:: What you should do ::
Could you set down every entry below exactly as it is?

:: Records supplied ::
· · · ·

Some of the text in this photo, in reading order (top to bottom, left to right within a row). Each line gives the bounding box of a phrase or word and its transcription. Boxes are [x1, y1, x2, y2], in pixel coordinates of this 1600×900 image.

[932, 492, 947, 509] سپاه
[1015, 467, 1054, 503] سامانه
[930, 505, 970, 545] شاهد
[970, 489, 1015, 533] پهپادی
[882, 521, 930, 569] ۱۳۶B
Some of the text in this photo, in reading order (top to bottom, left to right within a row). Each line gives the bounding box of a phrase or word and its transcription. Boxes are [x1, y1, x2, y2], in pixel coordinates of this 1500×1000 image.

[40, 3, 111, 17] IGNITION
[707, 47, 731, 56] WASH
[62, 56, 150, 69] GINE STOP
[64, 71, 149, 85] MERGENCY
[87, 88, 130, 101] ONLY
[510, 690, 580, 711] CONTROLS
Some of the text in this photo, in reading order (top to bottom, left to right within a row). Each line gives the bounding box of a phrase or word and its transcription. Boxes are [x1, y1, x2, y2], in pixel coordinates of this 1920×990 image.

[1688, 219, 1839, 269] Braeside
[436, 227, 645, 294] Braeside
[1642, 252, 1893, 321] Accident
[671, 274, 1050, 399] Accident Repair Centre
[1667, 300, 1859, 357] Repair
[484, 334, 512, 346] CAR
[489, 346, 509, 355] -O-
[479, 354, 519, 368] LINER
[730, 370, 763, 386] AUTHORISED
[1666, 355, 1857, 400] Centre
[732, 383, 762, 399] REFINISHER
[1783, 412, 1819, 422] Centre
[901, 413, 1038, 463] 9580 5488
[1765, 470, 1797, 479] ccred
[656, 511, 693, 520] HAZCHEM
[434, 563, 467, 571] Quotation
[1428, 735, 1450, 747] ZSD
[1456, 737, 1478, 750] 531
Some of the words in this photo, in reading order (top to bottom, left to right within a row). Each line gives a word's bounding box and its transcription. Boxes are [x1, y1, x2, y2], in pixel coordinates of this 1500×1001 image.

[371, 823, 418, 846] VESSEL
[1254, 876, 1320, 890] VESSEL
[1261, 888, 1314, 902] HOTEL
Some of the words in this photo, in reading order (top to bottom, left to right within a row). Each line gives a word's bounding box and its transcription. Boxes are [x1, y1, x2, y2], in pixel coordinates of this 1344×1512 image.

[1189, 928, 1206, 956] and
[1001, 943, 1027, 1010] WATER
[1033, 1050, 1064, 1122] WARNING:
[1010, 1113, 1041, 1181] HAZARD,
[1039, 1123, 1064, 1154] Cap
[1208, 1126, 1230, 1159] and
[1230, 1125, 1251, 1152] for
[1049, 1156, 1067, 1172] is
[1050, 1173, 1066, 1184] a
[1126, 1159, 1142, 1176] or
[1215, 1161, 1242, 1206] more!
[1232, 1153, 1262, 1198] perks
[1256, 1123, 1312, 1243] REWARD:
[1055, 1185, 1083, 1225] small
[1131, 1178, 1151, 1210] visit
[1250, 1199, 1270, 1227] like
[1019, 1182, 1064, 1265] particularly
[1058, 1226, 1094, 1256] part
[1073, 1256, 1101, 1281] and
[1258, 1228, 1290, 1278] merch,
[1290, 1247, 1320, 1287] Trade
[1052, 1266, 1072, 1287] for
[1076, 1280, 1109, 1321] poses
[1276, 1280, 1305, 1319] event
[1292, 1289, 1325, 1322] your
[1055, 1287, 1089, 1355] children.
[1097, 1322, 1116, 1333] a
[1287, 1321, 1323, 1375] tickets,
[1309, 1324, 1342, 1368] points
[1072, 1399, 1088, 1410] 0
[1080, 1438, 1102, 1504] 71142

· · · ·

:: Exercise response ::
Some of the text in this photo, in reading order (top to bottom, left to right within a row). Each line gives the bounding box of a phrase or word and its transcription. Boxes are [x1, y1, x2, y2], in pixel coordinates of this 1600×900 image.

[932, 492, 947, 509] سپاه
[1015, 467, 1054, 503] سامانه
[930, 505, 970, 545] شاهد
[970, 489, 1015, 533] پهپادی
[882, 521, 930, 569] ۱۳۶B
Some of the text in this photo, in reading order (top to bottom, left to right within a row). Each line gives the bounding box of a phrase or word and its transcription. Boxes are [x1, y1, x2, y2], in pixel coordinates of this 1500×1000 image.

[40, 3, 111, 17] IGNITION
[707, 47, 731, 56] WASH
[62, 56, 150, 69] GINE STOP
[64, 71, 149, 85] MERGENCY
[87, 88, 130, 101] ONLY
[510, 690, 580, 711] CONTROLS
Some of the text in this photo, in reading order (top to bottom, left to right within a row). Each line gives the bounding box of a phrase or word and its transcription. Boxes are [x1, y1, x2, y2], in pixel coordinates of this 1920×990 image.

[1688, 219, 1839, 269] Braeside
[436, 227, 645, 294] Braeside
[1642, 252, 1893, 321] Accident
[671, 274, 1050, 399] Accident Repair Centre
[1667, 300, 1859, 357] Repair
[484, 334, 512, 346] CAR
[489, 346, 509, 355] -O-
[479, 354, 519, 368] LINER
[730, 370, 763, 386] AUTHORISED
[1666, 355, 1857, 400] Centre
[732, 383, 762, 399] REFINISHER
[1783, 412, 1819, 422] Centre
[901, 413, 1038, 463] 9580 5488
[1765, 470, 1797, 479] ccred
[656, 511, 693, 520] HAZCHEM
[434, 563, 467, 571] Quotation
[1428, 735, 1450, 747] ZSD
[1456, 737, 1478, 750] 531
Some of the words in this photo, in reading order (top to bottom, left to right within a row). Each line gives a word's bounding box and its transcription. Boxes are [x1, y1, x2, y2], in pixel coordinates of this 1500×1001 image.

[371, 823, 418, 846] VESSEL
[1254, 876, 1320, 890] VESSEL
[1261, 888, 1314, 902] HOTEL
Some of the words in this photo, in reading order (top to bottom, left to right within a row). Each line gives a word's bounding box and its transcription. Boxes are [x1, y1, x2, y2], in pixel coordinates of this 1344×1512 image.

[1189, 928, 1206, 956] and
[1001, 943, 1027, 1010] WATER
[1033, 1050, 1064, 1122] WARNING:
[1010, 1113, 1041, 1181] HAZARD,
[1039, 1123, 1064, 1154] Cap
[1208, 1126, 1230, 1159] and
[1230, 1125, 1251, 1152] for
[1049, 1156, 1067, 1172] is
[1050, 1173, 1066, 1184] a
[1126, 1159, 1142, 1176] or
[1215, 1161, 1242, 1206] more!
[1232, 1153, 1262, 1198] perks
[1256, 1123, 1312, 1243] REWARD:
[1055, 1185, 1083, 1225] small
[1131, 1178, 1151, 1210] visit
[1250, 1199, 1270, 1227] like
[1019, 1182, 1064, 1265] particularly
[1058, 1226, 1094, 1256] part
[1073, 1256, 1101, 1281] and
[1258, 1228, 1290, 1278] merch,
[1290, 1247, 1320, 1287] Trade
[1052, 1266, 1072, 1287] for
[1076, 1280, 1109, 1321] poses
[1276, 1280, 1305, 1319] event
[1292, 1289, 1325, 1322] your
[1055, 1287, 1089, 1355] children.
[1097, 1322, 1116, 1333] a
[1287, 1321, 1323, 1375] tickets,
[1309, 1324, 1342, 1368] points
[1072, 1399, 1088, 1410] 0
[1080, 1438, 1102, 1504] 71142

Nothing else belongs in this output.